Les SMR de type VHTR peuvent être intéressants pour les zones industrielles qui nécessitent beaucoup de chaleur (usines de céramique, papeteries, cimenteries, et à l'avenir zones de production d'hydrogène) ; les réacteurs dédiés à la production d’électricité, en revanche, nécessitent nécessairement d’être construits en collaboration avec le secteur public, car le réseau électrique est une infrastructure publique nationale.
Combien coûtent les nouveaux réacteurs
Le coût au jour le jour de 4 300 MW de réacteurs est plus élevé que le coût au jour le jour d’un seul réacteur de 1 200 MW. La raison pour laquelle, dans certains cas, on a tendance à préférer des réacteurs de plus petite taille est qu'on suppose que nous pourrons les construire plus rapidement, et donc réduire les coûts en raison de l'accumulation d'intérêts au fil du temps, mais en réalité nous nous essayons de résoudre avec l'ingénierie ce qui est un problème financier. Avec deux risques : celui de se heurter à des goulots d'étranglement, si la demande en SMR venait à croître trop rapidement par rapport aux capacités de l'industrie, et celui de perdre des bénéfices économiques si la construction était ralentie par des facteurs sans rapport avec la taille du réacteur (ex : nimbys qui ont recours au TAR).
Si, comme l'a dit le ministre, l'objectif est de couvrir 20% des besoins de l'Italie avec l'énergie nucléaire (une déclaration qui contredit la précédente, où l'énergie nucléaire était considérée uniquement comme une option pour les industries privées), il est beaucoup plus simple de construire un peu de réacteurs de grande taille et trouver des mécanismes de financement qui réduisent les taux d'intérêt, plutôt que de devoir en construire 25 à 30 de petite ou moyenne taille.
Les « petits » générateurs nucléaires déjà disponibles
S’il est vrai que la quatrième génération voit aujourd’hui peu de prototypes connectés au réseau, mais toujours aucune technologie commerciale, les SMR à eau légère sont déjà disponibles et de nombreux pays ont déjà signé des contrats de fourniture avec les entreprises qui les construisent. Ce n'est pas tout : le premier BWRX-300 est déjà en construction, au Canada. Ce que le ministre a déclaré n'est donc pas vrai, à savoir que « le produit n'est pas encore là » (ou plutôt : c'est vrai si on parle de quatrième génération, ce n'est pas vrai si on parle de SMR, et ce serait un bon moment car le ministre comprend la différence).
Nous suivrons évidemment l'évolution du cadre réglementaire nucléaire et commenterons chaque détail qui sera rendu public des propositions de réforme du secteur dans ce sens.

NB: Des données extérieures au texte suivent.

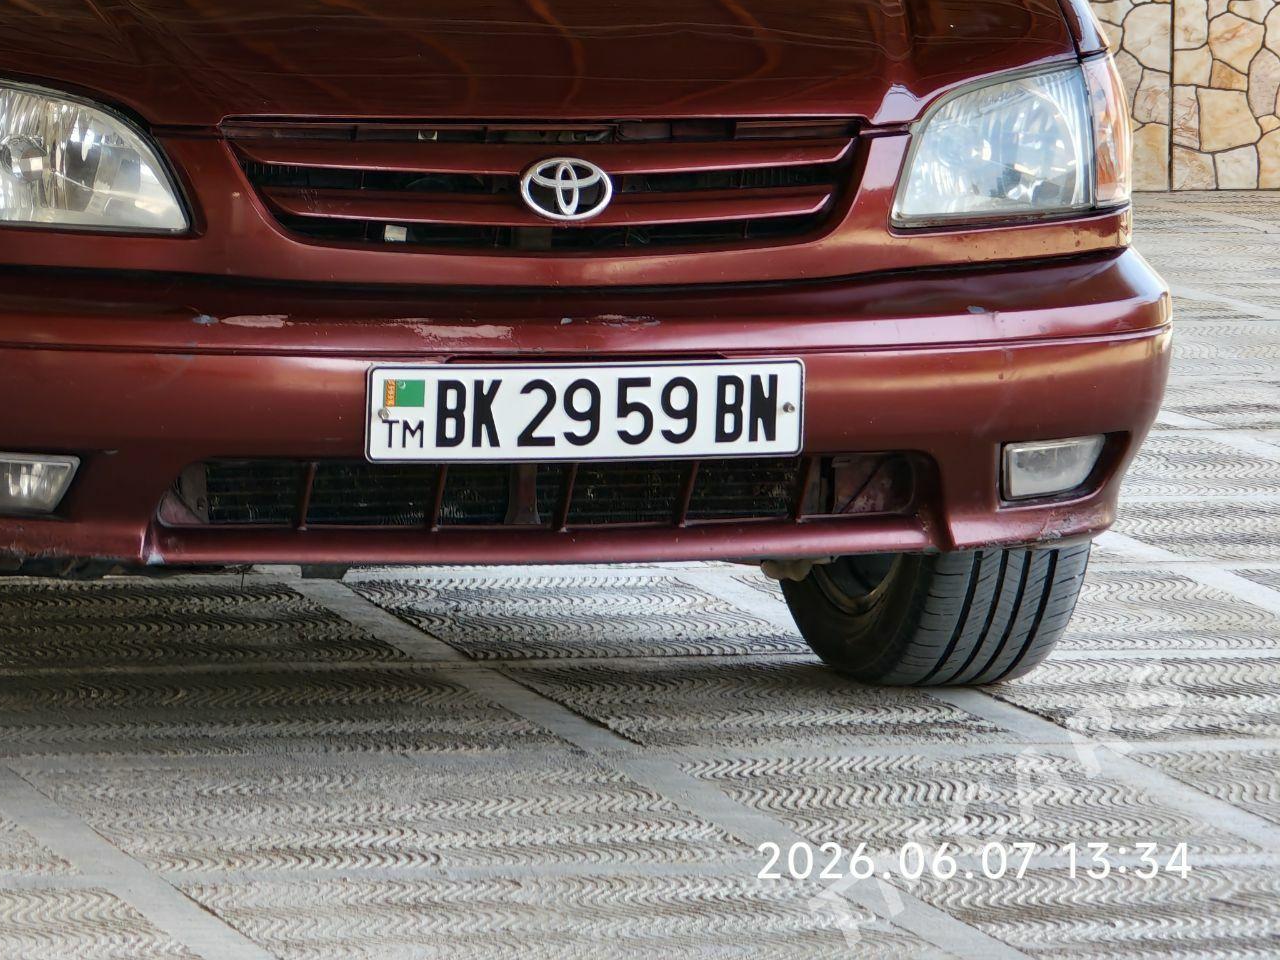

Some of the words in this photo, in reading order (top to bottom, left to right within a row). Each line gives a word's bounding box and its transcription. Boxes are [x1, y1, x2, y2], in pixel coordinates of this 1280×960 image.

[381, 419, 424, 449] TM
[435, 379, 503, 448] BK
[714, 374, 778, 443] BN
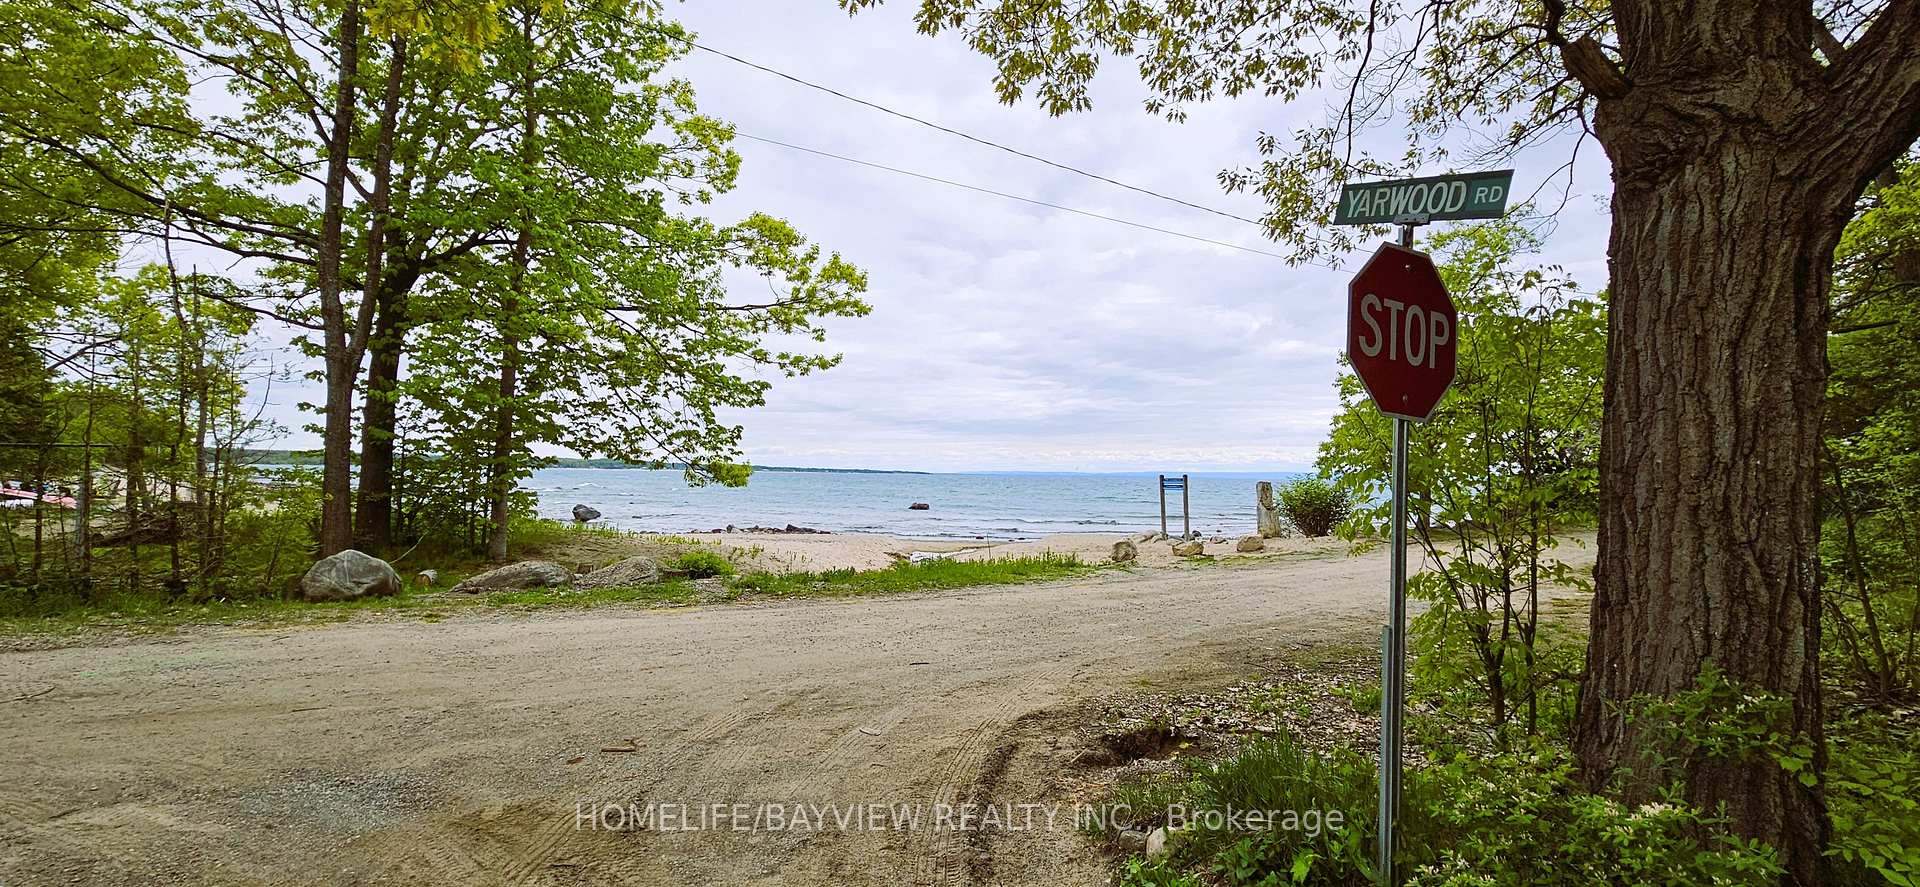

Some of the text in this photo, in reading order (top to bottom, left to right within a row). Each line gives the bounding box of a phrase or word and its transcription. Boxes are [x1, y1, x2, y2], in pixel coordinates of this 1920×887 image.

[1347, 181, 1504, 218] YARWOOD RD
[1358, 293, 1450, 369] STOP

En espérant que les techniciens qui rédigeront les règles fassent un peu moins de confusion que le ministre lorsqu'il prend la parole.

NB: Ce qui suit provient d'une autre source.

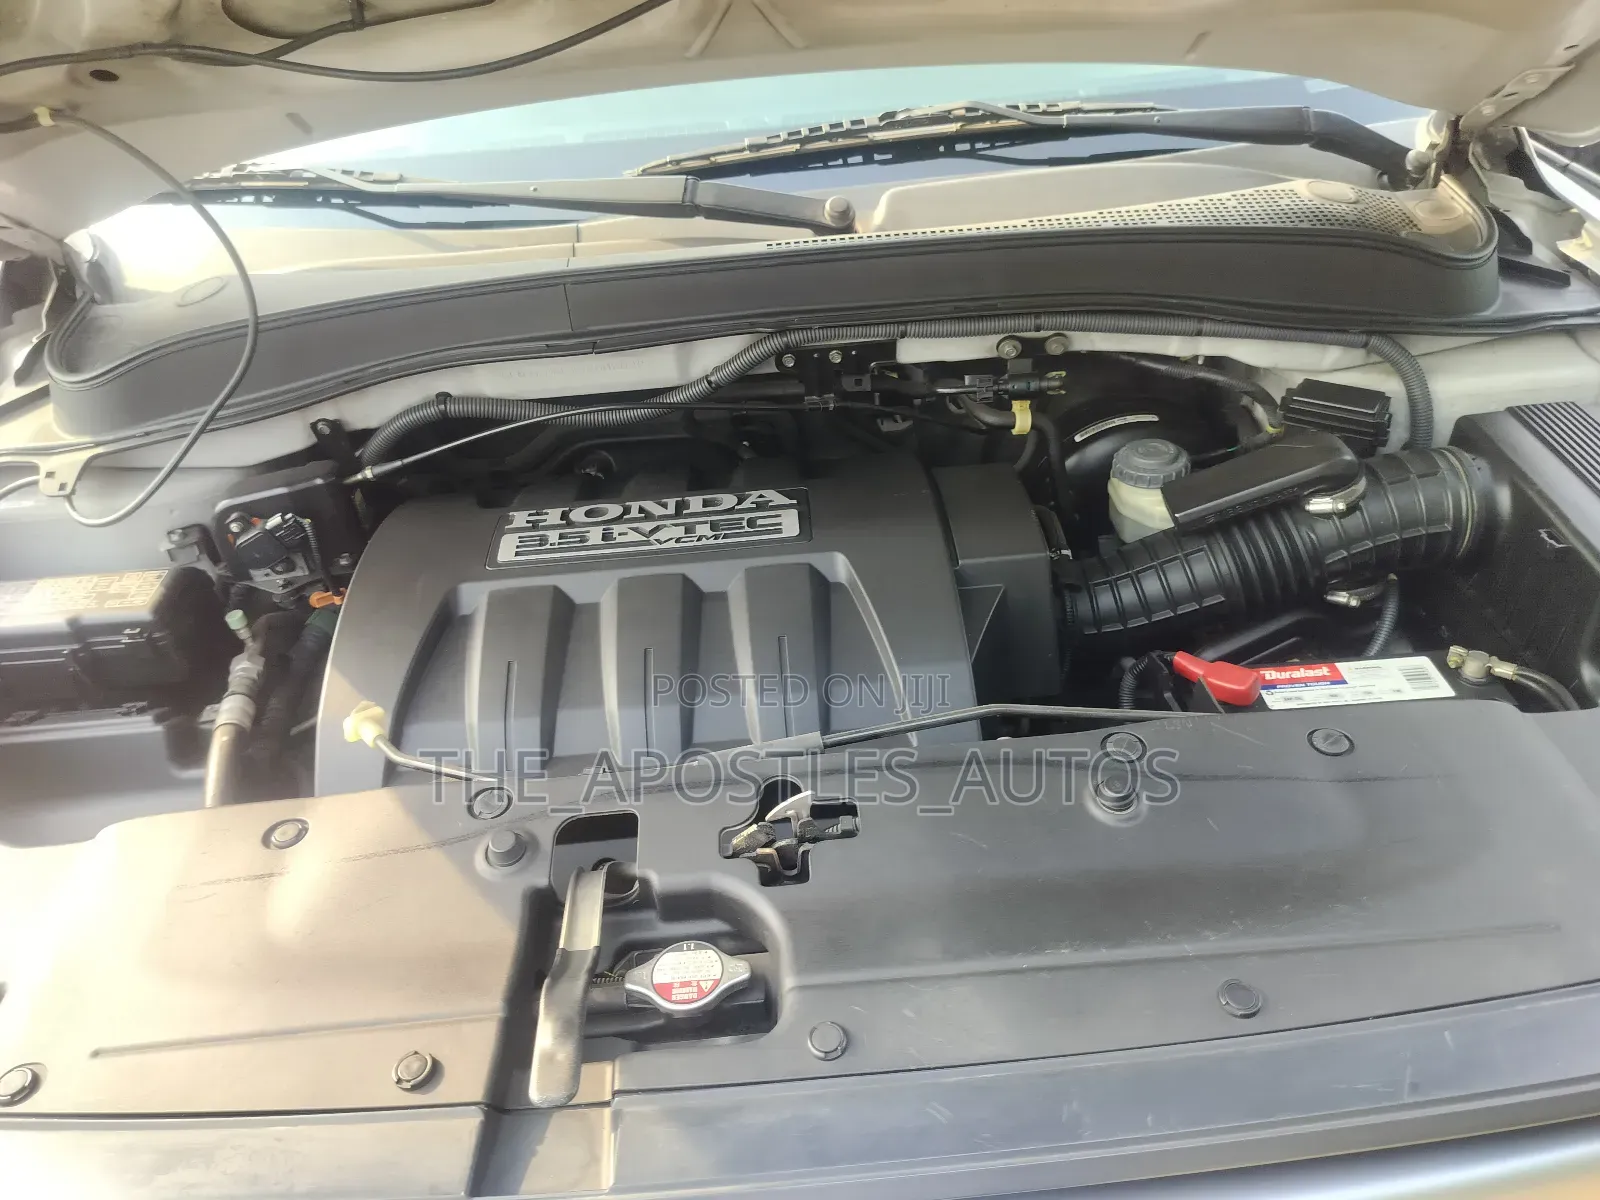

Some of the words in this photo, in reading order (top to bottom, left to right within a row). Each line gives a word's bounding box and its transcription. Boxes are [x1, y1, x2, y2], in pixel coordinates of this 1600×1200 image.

Enfin, il faut rappeler au ministre que, tout en appréciant le pas en avant dans la révision de la réglementation, le différend le plus important sur sa table reste celui du Référentiel National, sur lequel le gouvernement s'est montré totalement ouvert au caprices des NIMBY. En 2025, le combustible irradié des anciens réacteurs nucléaires italiens reviendra d'Angleterre : si d'ici là nous n'avons pas au moins décidé du site du dépôt national, les amendes de l'UE deviendront très lourdes.